As a child, going to catechism class, I remember discovering that the answer to nearly every question in the “quiz” was Sanctifying Grace. This seemed to me a commodity that one earned, a little like indulgences, the bartering of lengthy prayers or good deeds for less time in purgatory, but principally by going to Mass , Confession, receiving Communion and obeying the rules. This tally sheet of my sins ( teasing my brother, disobeying my parents, chattering in class) could be fixed, it seemed, just by doing what I was going to do anyway, enforced by my family. It seemed a little too easy, and I went right on teasing my poor brother and chattering in class, since it could all be fixed.

I think I found Sanctifying Grace, in the mission of Bon Secours. We were listened to with full attention, our fears were met with reassurance, our needs attended to, never once did our “immoral” unwed relationship meet with anything but acceptance. And it never occurred to me to think that all this care and love was done to balance out their sins, or to get me back to Mass.
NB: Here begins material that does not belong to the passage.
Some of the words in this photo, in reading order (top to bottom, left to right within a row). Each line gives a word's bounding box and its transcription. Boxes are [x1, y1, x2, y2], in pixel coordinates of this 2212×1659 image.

There is another extraordinary power that sustains me, and that is you, gentle reader, and all those others who have worried and prayed and sent me courage and condolences. In the village times of human history, we would all be physically together, doing much the same thing. We move around today, in search of work or dreams or better weather, leaving our physical village, but it seems to me that the internet has filled the need for contact with those we know well, that are family, blood or chosen, old friends, or even those we know only through the air. Those of us who live on the road are even more in need of community, and behold there you all are. Better than a thousand nosey neighbors with casseroles feeding off my sadness, better than sitting at visiting hours, miserable with my loss, having to be a part of the huge party that is a funeral and wake. At moments when my sadness overtakes me, I look up at the sky and your thoughts come to comfort me like a soft shawl. Thank you. If I have the power to do so, bless you.

[On Sunday, Sept. 6, at 12:30, Don breathed his last, in my arms, in no pain, with two of his three daughters nearby. His harsh breathing stopped, started again and then stopped, and his brave heart rested at last.]
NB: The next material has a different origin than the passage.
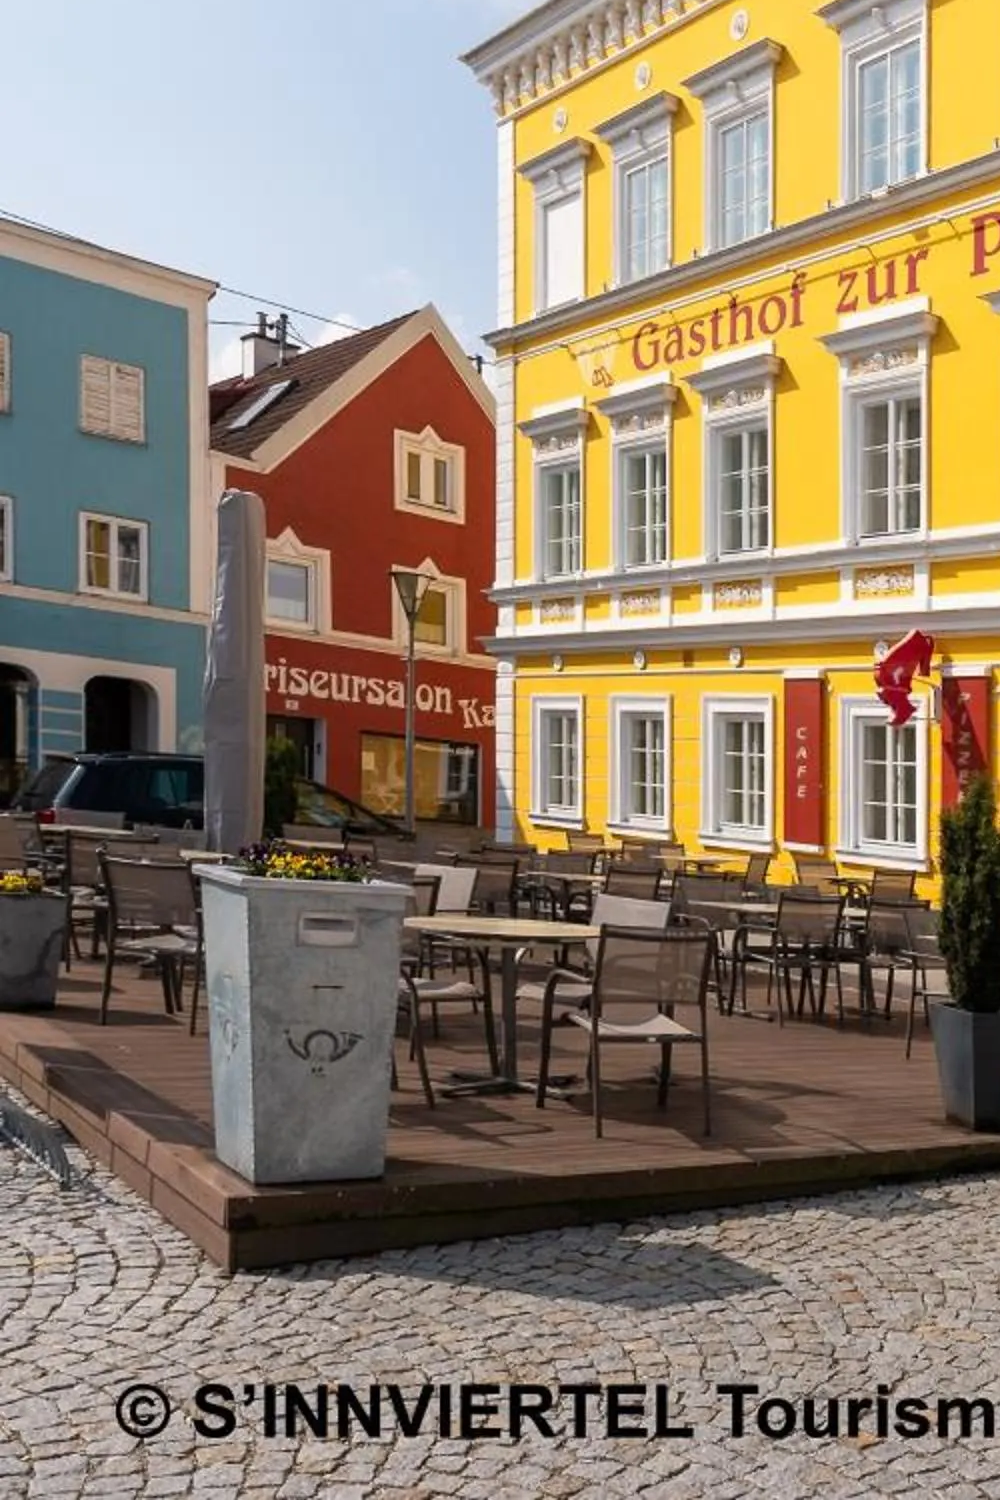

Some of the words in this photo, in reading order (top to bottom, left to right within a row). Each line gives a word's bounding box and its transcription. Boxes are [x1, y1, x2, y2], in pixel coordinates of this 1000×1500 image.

I have moved back into the Airstream, after the first two nights, I found there were too many stories in that bed in the 5th wheel. It has taken me 10 days to get my things out, the 5th wheel is a sad place, too many of Don’s molecules are there, I keep turning around expecting to see him, or reliving some of the really bad parts of the very end. His clothes are gone to Good Will, but his toys, the Ham radio set up, his TV, and all his tools are still there looking reproachful still that he was uninterested in them as he slowly turned inward to prepare for death. The inside of the Airstream is a disaster. I accumulated way too much stuff while living in the enormous space of the 5th wheel, and a lot of it reminds me powerfully of him so it’s hard to part with it. But distill I must, and only save the best bits, and remember the best times.